“You don’t have to be a genius to recognize one.
If you did, Einstein would never
have gotten invited to the White House.”
One of the difficulties of quantum mechanics, on which everyone agrees, is the lack of adequate language to express it. This is the effect of its inadequacy on the Consensus that makes us so uncomfortable.
We have already talked about elementary particles; about not being bits of matter. Today we'll talk about one-dimensional strings.

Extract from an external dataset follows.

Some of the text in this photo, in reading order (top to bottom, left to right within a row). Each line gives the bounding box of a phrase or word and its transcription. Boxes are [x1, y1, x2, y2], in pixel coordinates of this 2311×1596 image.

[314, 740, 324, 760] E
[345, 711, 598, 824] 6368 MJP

In an Indiana Jones quest for a theory that would unite relativity and quantum mechanics, four pillars would guarantee the structure of the building: the strong nuclear force, which guarantees the cohesion of the quarks that make up protons and neutrons and allows their nuclear stability through the action of gluons; the electromagnetic force, which acts on electrically charged particles through the action of photons; the weak nuclear force, which is defined by short-range repulsion and creates radioactivity between electrons, neutrinos, quarks, and occurs through the action of the W boson. Finally, we would have the gravitational force, which is supposed to be long-range and whose action would affect the particles as mass. Its mechanism of action would be through a theoretical particle, the graviton.
In Stephen Hawking's Holy Grail, the Theory of Everything, gravity was always the problem.
There was a time when the interest in the supersymmetry of supergravity was replaced by an overwhelming concept: instead of elementary particles, the universe would be composed of one-dimensional strings -the concept of which begins to make sense from Grassmann's exterior algebra- that can operate either with their ends loose or closed in rings.
Just as we can observe in the strings of that Fender Player Telecaster HH of every guitarist's dreams, the strings of the theory would have the capacity to maintain vibrational and frequency patterns that would guarantee supersymmetry through the correspondence of undulations/vibrations to greater or lesser masses of bosons and fermions; where the largest infinities cancel out, resulting in supergravity.
Okay, it's not easy. But bringing Fender into the subject was pretty cool, right?